MySQL Encrypted Connections

This guide will generate a certificate authority plus client and server keys for encrypting traffic to a MySQL server.

# Generate CA cert
openssl genrsa 2048 > ca-key.pem
openssl req -new -x509 -nodes -days 3600 -key ca-key.pem -out ca.pem

# Generate server cert. Should have different settings from CA
openssl req -newkey rsa:2048 -days 3600 -nodes -keyout server-key.pem -out server-req.pem
openssl rsa -in server-key.pem -out server-key.pem
openssl x509 -req -in server-req.pem -days 3600 -CA ca.pem -CAkey ca-key.pem -set_serial 01 -out server-cert.pem

# Generate client cert.

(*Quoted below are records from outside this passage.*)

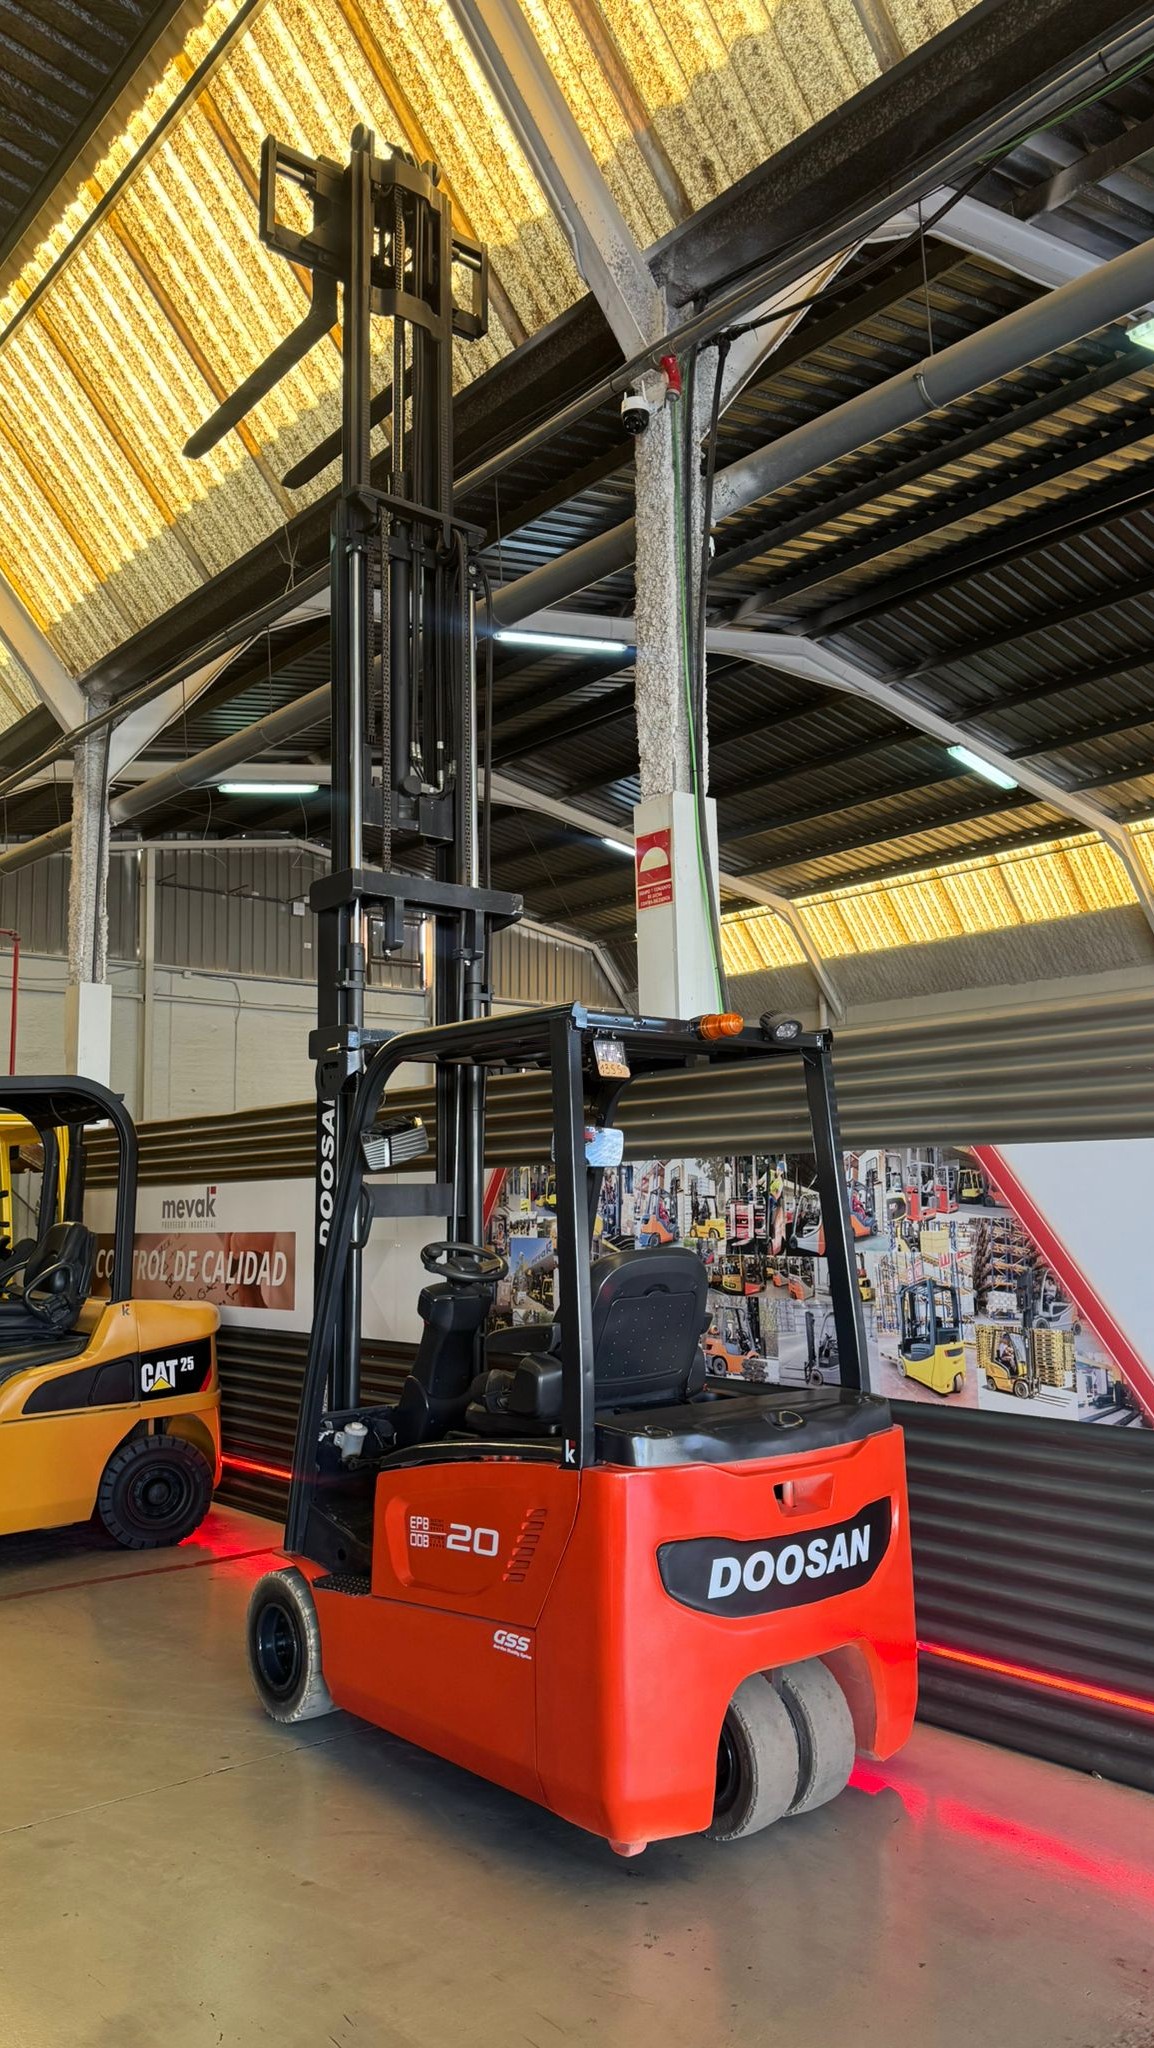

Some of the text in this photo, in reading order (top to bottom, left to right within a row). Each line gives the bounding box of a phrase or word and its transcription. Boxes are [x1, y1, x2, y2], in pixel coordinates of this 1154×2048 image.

[319, 1099, 336, 1247] DOOSA
[162, 1186, 217, 1219] mevak
[95, 1249, 288, 1287] COTROL DE CALIDAD
[141, 1356, 195, 1393] CAT 25
[446, 1522, 500, 1557] 20
[707, 1524, 871, 1600] DOOSAN
[493, 1629, 531, 1652] GSS
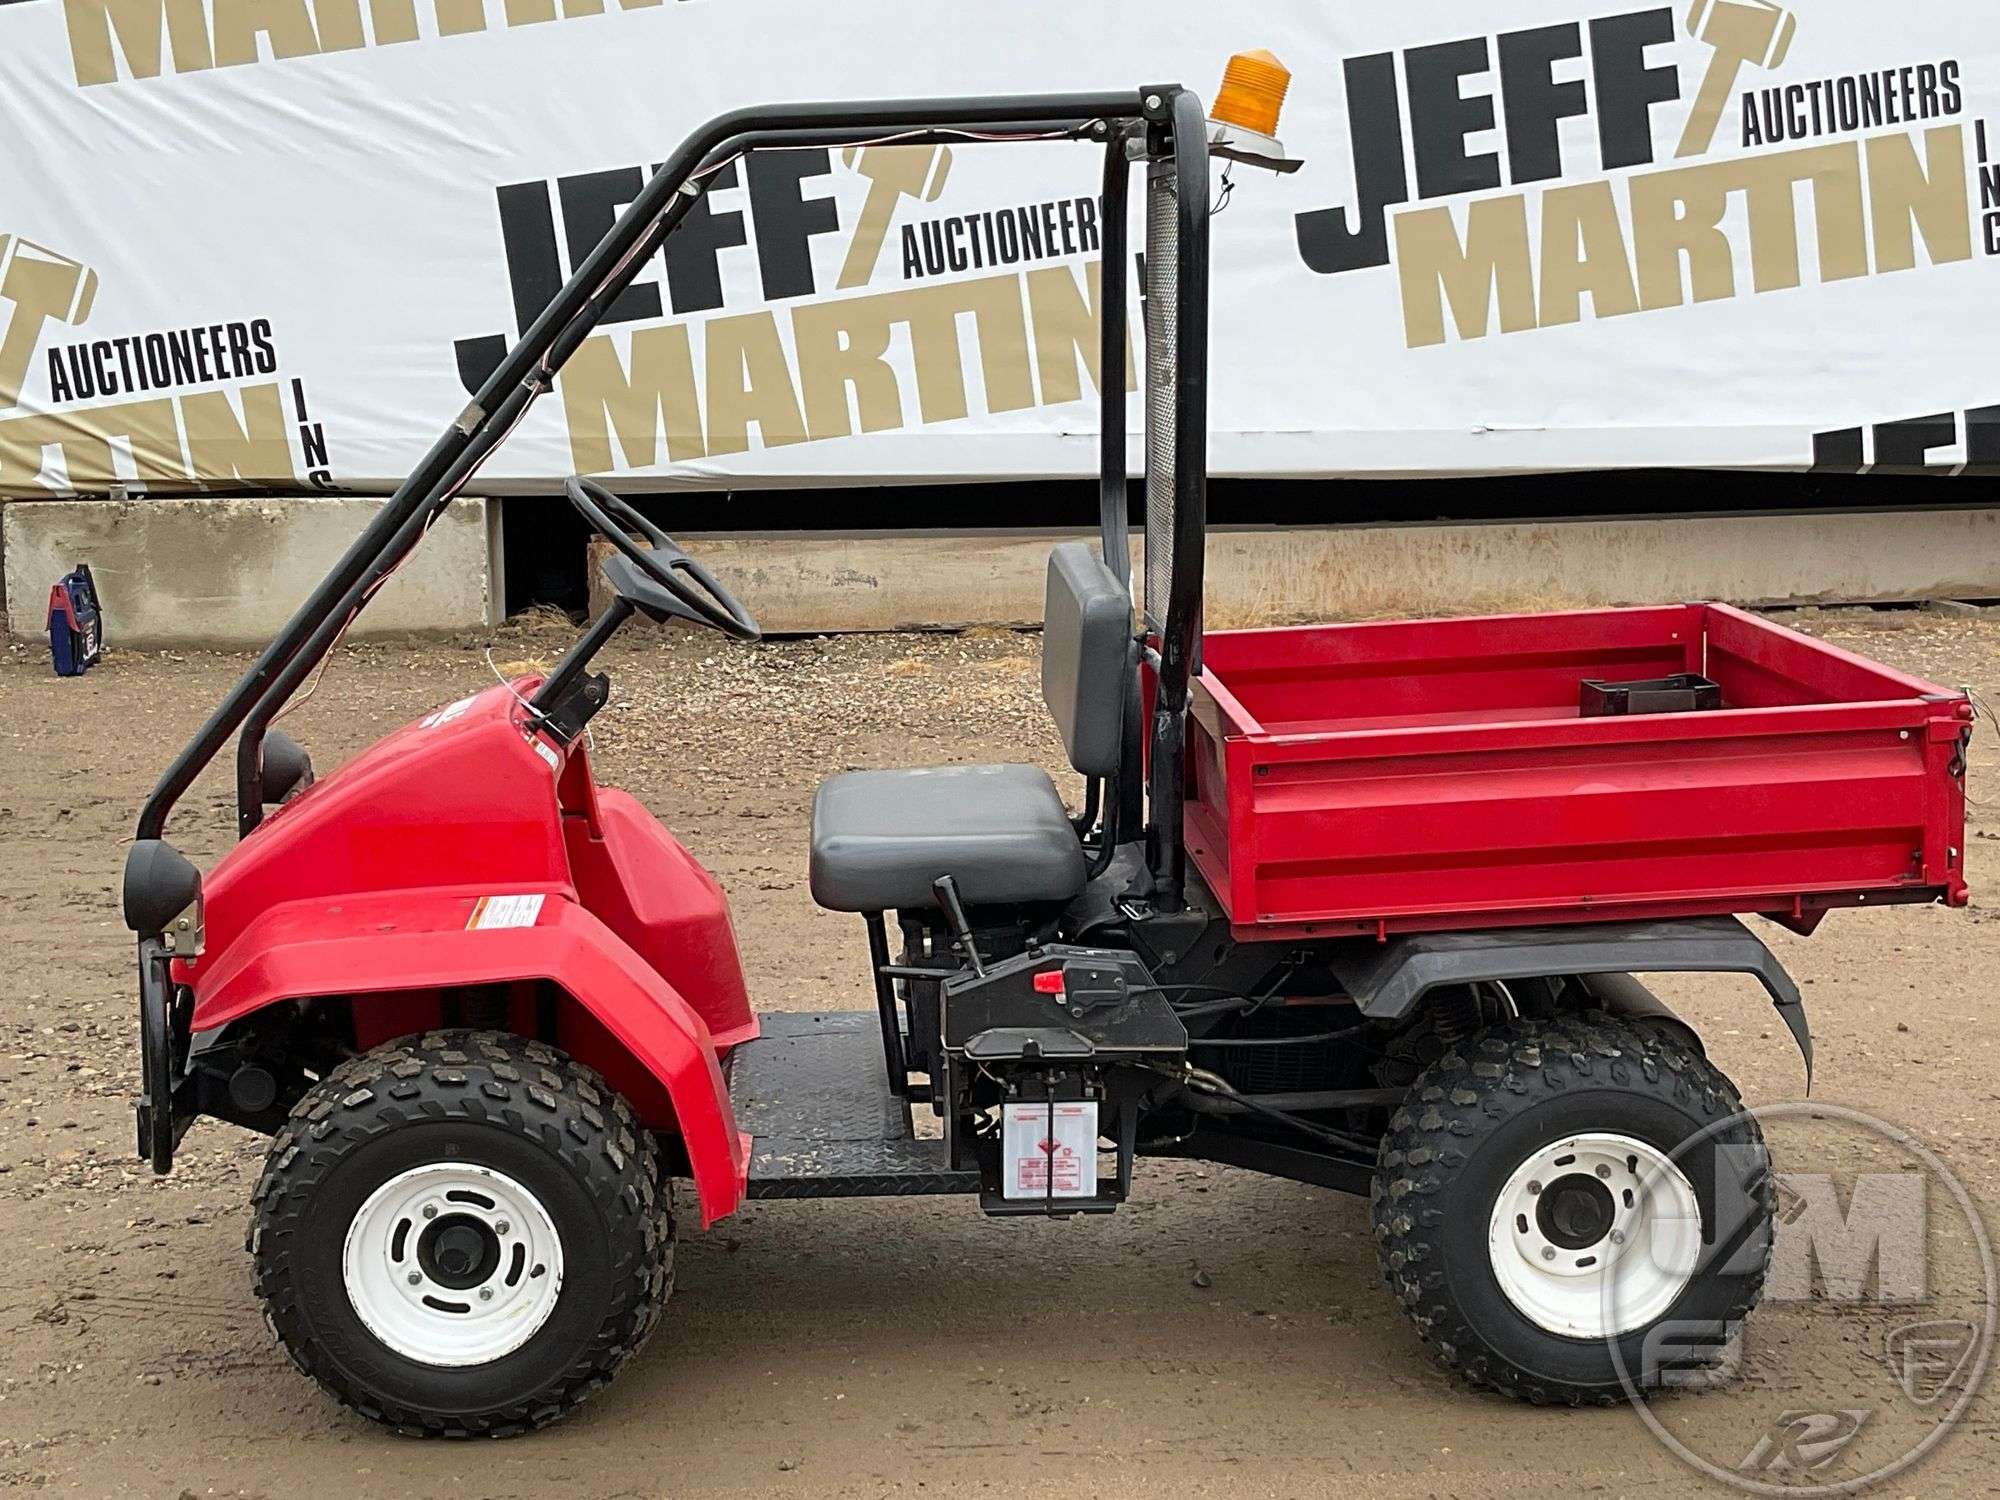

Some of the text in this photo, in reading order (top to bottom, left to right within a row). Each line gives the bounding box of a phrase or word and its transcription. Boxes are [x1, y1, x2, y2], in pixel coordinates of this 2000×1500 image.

[1295, 6, 1680, 275] JEFF
[1741, 59, 1963, 148] AUCTIONEERS
[454, 147, 840, 395] JEFF
[900, 196, 1104, 280] AUCTIONEER
[1393, 123, 1972, 349] MARTIN
[47, 318, 277, 403] AUCTIONEERS
[558, 261, 1138, 475] MARTIN
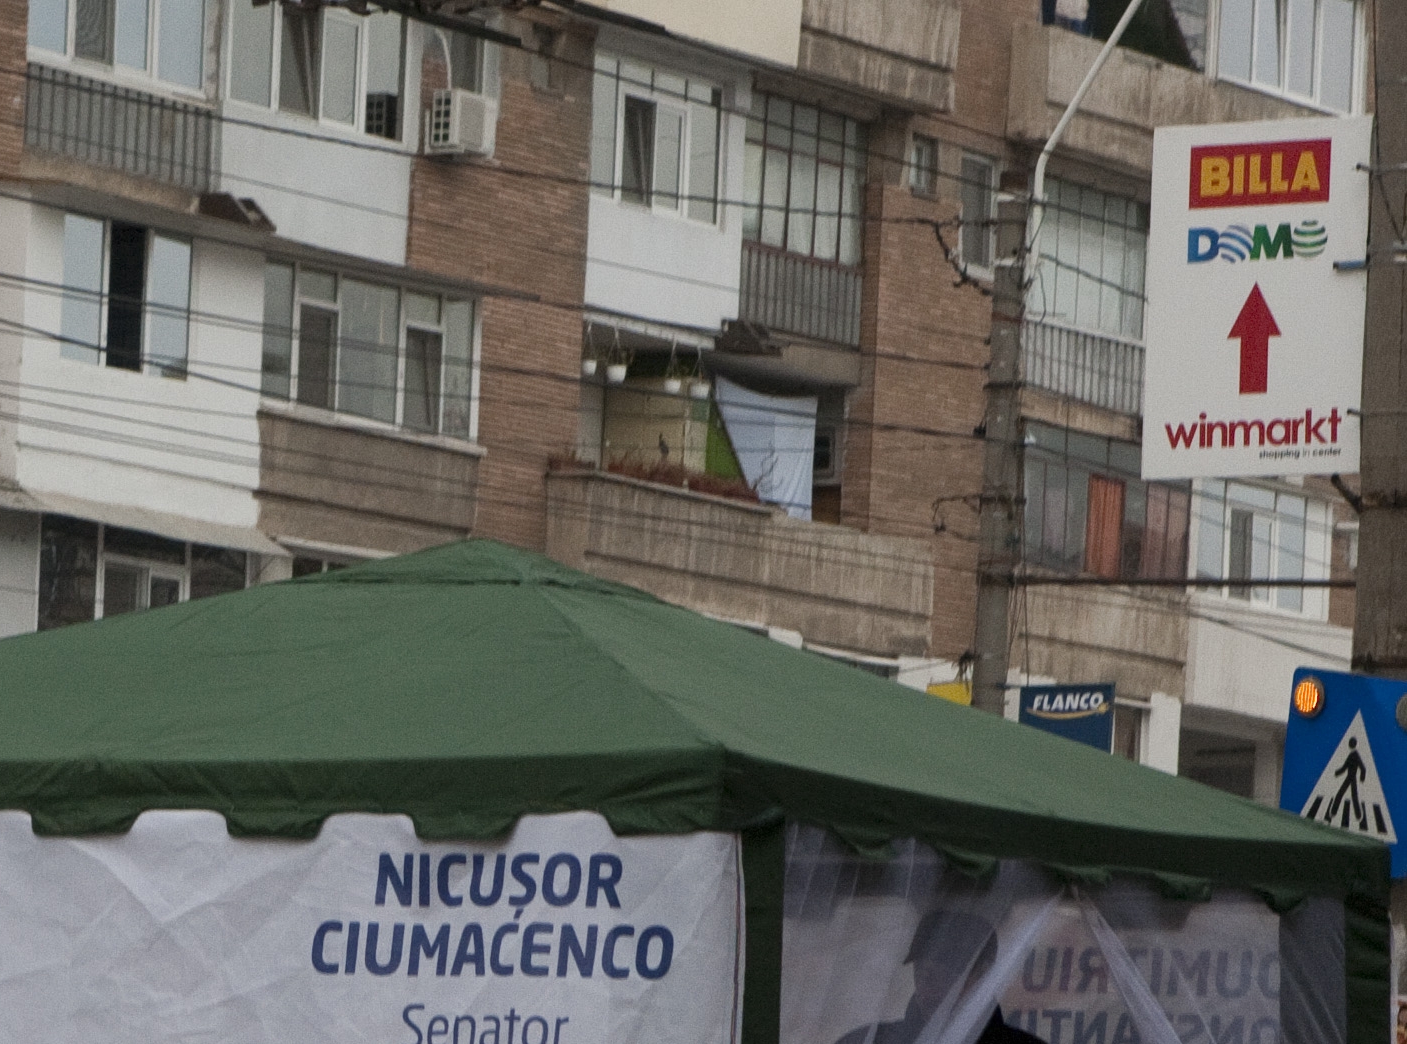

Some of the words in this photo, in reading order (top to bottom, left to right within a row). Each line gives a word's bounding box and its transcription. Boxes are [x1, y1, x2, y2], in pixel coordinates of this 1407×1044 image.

Should have different settings from CA
openssl req -newkey rsa:2048 -days 3600 -nodes -keyout client-key.pem -out client-req.pem
openssl rsa -in client-key.pem -out client-key.pem
openssl x509 -req -in client-req.pem -days 3600 -CA ca.pem -CAkey ca-key.pem -set_serial 01 -out client-cert.pem

# Verify all is in working order
openssl verify -CAfile ca.pem server-cert.pem client-cert.pem

# Ensure permissions are set
chown -R mysql:mysql *.pem
chmod 600 client-key.pem server-key.pem ca-key.pem

Edit Config #

Add to /etc/mysql/my.cnf

[mysqld]
bind-address = 0.0.0.0

ssl-ca=/etc/mysql/cacert.pem
ssl-cert=/etc/mysql/server-cert.pem
ssl-key=/etc/mysql/server-key.pem

# Requires encrypted connections globally
# require_secure_transport = ON


[client]
ssl-ca=/etc/certs/ca.pem
ssl-cert=/etc/certs/client-cert.pem
ssl-key=/etc/certs/client-key.pem

Restart the server for changes to take effect.

sudo service mysql restart

Verify Connections #

You should see SSL settings be on and the certificate paths being used in the below commands.

# Log in to MySQL
mysql -u root -p

SHOW VARIABLES LIKE '%ssl%';
STATUS;